Task details – The whole listing is to be returned exactly.

Dataset records –
┏━━

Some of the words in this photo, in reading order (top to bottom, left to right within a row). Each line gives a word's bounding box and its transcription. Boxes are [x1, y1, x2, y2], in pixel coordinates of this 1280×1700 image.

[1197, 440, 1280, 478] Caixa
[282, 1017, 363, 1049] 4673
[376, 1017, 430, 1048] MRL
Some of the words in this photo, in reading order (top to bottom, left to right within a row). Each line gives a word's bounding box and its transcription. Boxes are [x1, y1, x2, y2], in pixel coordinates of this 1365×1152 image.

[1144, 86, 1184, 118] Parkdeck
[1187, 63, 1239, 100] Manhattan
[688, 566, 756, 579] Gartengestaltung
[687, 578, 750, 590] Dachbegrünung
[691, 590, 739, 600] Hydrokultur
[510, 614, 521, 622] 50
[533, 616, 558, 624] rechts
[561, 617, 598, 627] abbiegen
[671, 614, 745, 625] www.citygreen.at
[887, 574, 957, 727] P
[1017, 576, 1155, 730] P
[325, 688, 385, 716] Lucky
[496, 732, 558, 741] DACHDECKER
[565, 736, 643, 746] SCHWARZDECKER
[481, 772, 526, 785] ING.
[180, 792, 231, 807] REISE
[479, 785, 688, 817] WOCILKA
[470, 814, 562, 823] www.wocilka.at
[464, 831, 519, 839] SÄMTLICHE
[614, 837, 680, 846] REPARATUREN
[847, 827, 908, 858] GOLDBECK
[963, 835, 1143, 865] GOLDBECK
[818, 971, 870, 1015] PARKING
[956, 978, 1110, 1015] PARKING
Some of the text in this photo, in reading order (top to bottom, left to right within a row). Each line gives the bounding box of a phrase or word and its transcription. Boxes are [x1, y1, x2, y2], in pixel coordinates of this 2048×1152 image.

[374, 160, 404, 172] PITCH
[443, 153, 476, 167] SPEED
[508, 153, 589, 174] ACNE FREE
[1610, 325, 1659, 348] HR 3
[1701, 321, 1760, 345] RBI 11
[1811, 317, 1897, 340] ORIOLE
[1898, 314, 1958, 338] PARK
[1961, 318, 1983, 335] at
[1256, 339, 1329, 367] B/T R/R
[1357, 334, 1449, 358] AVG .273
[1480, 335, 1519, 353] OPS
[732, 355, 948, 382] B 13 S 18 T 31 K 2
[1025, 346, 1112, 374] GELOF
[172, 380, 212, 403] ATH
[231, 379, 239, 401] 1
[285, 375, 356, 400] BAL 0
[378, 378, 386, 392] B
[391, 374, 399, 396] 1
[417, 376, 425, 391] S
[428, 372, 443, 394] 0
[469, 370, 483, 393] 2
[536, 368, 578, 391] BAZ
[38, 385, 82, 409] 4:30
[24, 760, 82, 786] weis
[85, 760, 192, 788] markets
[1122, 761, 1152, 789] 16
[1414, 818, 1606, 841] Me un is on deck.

┗━━

Written response –
Some of the words in this photo, in reading order (top to bottom, left to right within a row). Each line gives a word's bounding box and its transcription. Boxes are [x1, y1, x2, y2], in pixel coordinates of this 1280×1700 image.

[1197, 440, 1280, 478] Caixa
[282, 1017, 363, 1049] 4673
[376, 1017, 430, 1048] MRL
Some of the words in this photo, in reading order (top to bottom, left to right within a row). Each line gives a word's bounding box and its transcription. Boxes are [x1, y1, x2, y2], in pixel coordinates of this 1365×1152 image.

[1144, 86, 1184, 118] Parkdeck
[1187, 63, 1239, 100] Manhattan
[688, 566, 756, 579] Gartengestaltung
[687, 578, 750, 590] Dachbegrünung
[691, 590, 739, 600] Hydrokultur
[510, 614, 521, 622] 50
[533, 616, 558, 624] rechts
[561, 617, 598, 627] abbiegen
[671, 614, 745, 625] www.citygreen.at
[887, 574, 957, 727] P
[1017, 576, 1155, 730] P
[325, 688, 385, 716] Lucky
[496, 732, 558, 741] DACHDECKER
[565, 736, 643, 746] SCHWARZDECKER
[481, 772, 526, 785] ING.
[180, 792, 231, 807] REISE
[479, 785, 688, 817] WOCILKA
[470, 814, 562, 823] www.wocilka.at
[464, 831, 519, 839] SÄMTLICHE
[614, 837, 680, 846] REPARATUREN
[847, 827, 908, 858] GOLDBECK
[963, 835, 1143, 865] GOLDBECK
[818, 971, 870, 1015] PARKING
[956, 978, 1110, 1015] PARKING
Some of the text in this photo, in reading order (top to bottom, left to right within a row). Each line gives the bounding box of a phrase or word and its transcription. Boxes are [x1, y1, x2, y2], in pixel coordinates of this 2048×1152 image.

[374, 160, 404, 172] PITCH
[443, 153, 476, 167] SPEED
[508, 153, 589, 174] ACNE FREE
[1610, 325, 1659, 348] HR 3
[1701, 321, 1760, 345] RBI 11
[1811, 317, 1897, 340] ORIOLE
[1898, 314, 1958, 338] PARK
[1961, 318, 1983, 335] at
[1256, 339, 1329, 367] B/T R/R
[1357, 334, 1449, 358] AVG .273
[1480, 335, 1519, 353] OPS
[732, 355, 948, 382] B 13 S 18 T 31 K 2
[1025, 346, 1112, 374] GELOF
[172, 380, 212, 403] ATH
[231, 379, 239, 401] 1
[285, 375, 356, 400] BAL 0
[378, 378, 386, 392] B
[391, 374, 399, 396] 1
[417, 376, 425, 391] S
[428, 372, 443, 394] 0
[469, 370, 483, 393] 2
[536, 368, 578, 391] BAZ
[38, 385, 82, 409] 4:30
[24, 760, 82, 786] weis
[85, 760, 192, 788] markets
[1122, 761, 1152, 789] 16
[1414, 818, 1606, 841] Me un is on deck.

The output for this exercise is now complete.